[Data for processing Boundary: Start]

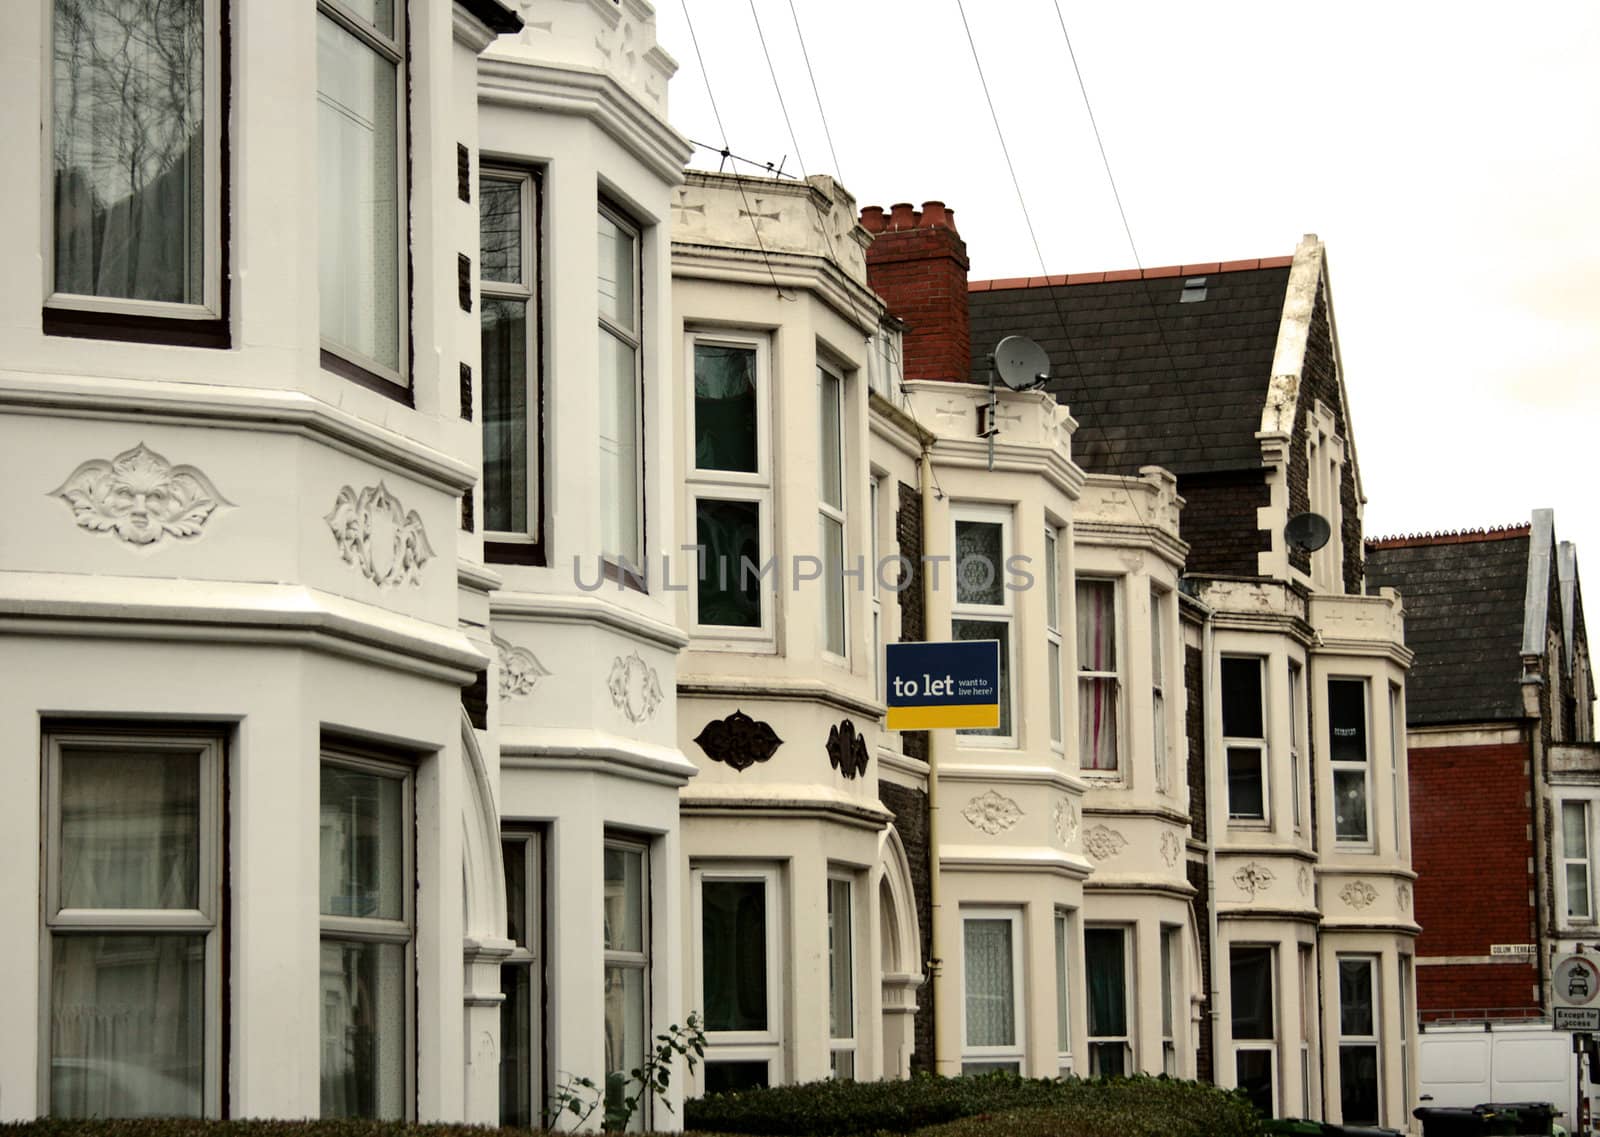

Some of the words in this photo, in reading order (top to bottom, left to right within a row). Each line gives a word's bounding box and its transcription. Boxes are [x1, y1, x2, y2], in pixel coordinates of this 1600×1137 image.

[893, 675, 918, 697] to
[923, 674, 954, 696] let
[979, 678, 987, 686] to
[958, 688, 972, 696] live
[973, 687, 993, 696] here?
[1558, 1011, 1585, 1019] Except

[Data for processing Boundary: End]

* [Problem description] Write out all the records again, exactly, minus any pictures.

* [Answer section]
Some of the words in this photo, in reading order (top to bottom, left to right within a row). Each line gives a word's bounding box and its transcription. Boxes are [x1, y1, x2, y2], in pixel coordinates of this 1600×1137 image.

[893, 675, 918, 697] to
[923, 674, 954, 696] let
[979, 678, 987, 686] to
[958, 688, 972, 696] live
[973, 687, 993, 696] here?
[1558, 1011, 1585, 1019] Except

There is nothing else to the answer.